And that's what you're not doing. You see me (and others here) saying I do not despair at this. But you ignore it. You go on insisting that your logic is correct, so I must be wrong about what I feel. Unless I'm lying? Or something else?
rusmeister wrote:I quite agree that you can 'have a wonderful life' with a surface belief in meaninglessness. I take it that what you may want to say is that your life has a temporal meaning while you are alive. But this is only the compromise between our demand for ultimate meaning and (in this case) the mind's attempt to deny it.
I do not demand ultimate meaning. Nor do I deny it in any way different than the way I deny that you are sitting in my living room right now.

rusmeister wrote:On your first point, when you say:
Being hungry hurts; therefore I eat. Being cold hurts; therefore I try to stay warm. Listening to music gives me pleasure; therefore I listen to music.

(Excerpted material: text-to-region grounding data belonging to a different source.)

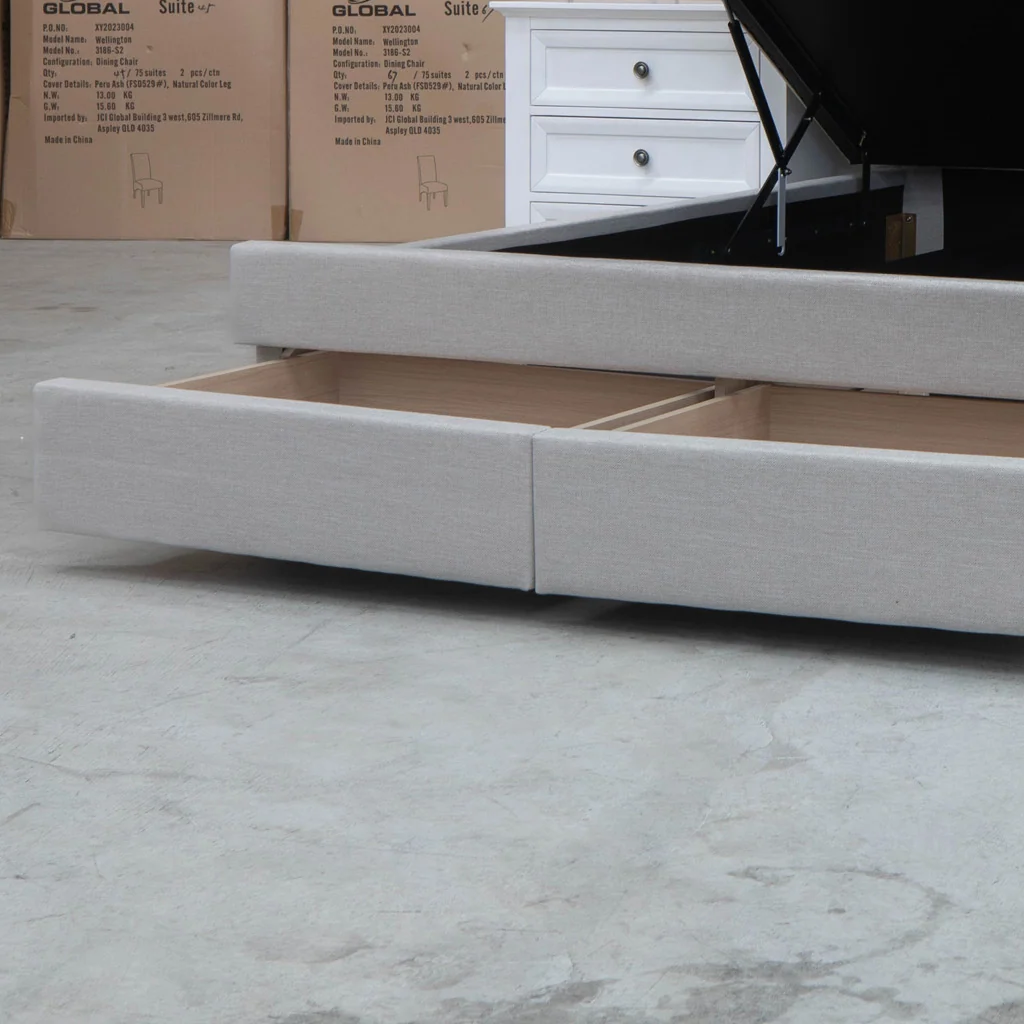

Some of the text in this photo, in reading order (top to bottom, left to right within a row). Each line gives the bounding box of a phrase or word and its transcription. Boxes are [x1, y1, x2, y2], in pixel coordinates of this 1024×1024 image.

[43, 2, 130, 15] GLOBAL
[160, 0, 195, 14] Suite
[332, 4, 416, 17] GLOBAL
[445, 1, 479, 16] Suite
[384, 60, 406, 69] Dining
[407, 60, 425, 68] Chair
[96, 91, 115, 99] 13.00
[96, 102, 115, 110] 15.60
[125, 102, 134, 110] KG

you are basically suggesting to not think. If I simply react on a level of stimulus without thought, I may be able to have a pleasurable life, but I cannot speak of any meaning whatsoever and I can't defend that life as if it had any meaning and as if I were thinking about it. If there is no meaning, then pleasure means no more than pain does. Any effort even to justify pleasure-seeking is an attempt to smuggle in some kind of value system, and some kind of meaning, even though I do not think about that meaning.
Even if pleasure means no more than pain, an ant will react in a way that takes it away from a source of pain, and toward a source of pleasure. Why should I do otherwise?

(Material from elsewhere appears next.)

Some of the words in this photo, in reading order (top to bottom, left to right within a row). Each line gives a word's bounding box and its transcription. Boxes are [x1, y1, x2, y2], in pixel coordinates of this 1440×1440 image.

rusmeister wrote:I'm reminded of the scene from Star Trek 2 (the movie) after Spock's death, when McCoy says, "He's not really dead - as long as we remember him" - which is pitiful in the face of the corollary that he really is dead as soon as he is forgotten.
Personally, I think he's really dead right then. Memories aren't life. But even if I thought of it the way McCoy did, I agree with your corollary.

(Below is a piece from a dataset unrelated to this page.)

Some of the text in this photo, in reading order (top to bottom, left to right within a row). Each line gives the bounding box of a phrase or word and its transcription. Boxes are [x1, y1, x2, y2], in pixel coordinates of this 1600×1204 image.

rusmeister wrote:In such cases, the mind seeking to justify this death even of meaning often transfers meaning to descendants. But this is only to evade the final end of any meaning whatsoever. It's like saying that the purpose of hammers is to make more hammers. Not that you necessarily do that,
Not sure about hammers, but thinking back to the ant... What is the purpose of ants? Tilling the soil; part of the web of life's cycles; whatever else ants do. But mainly, simply to continue their species.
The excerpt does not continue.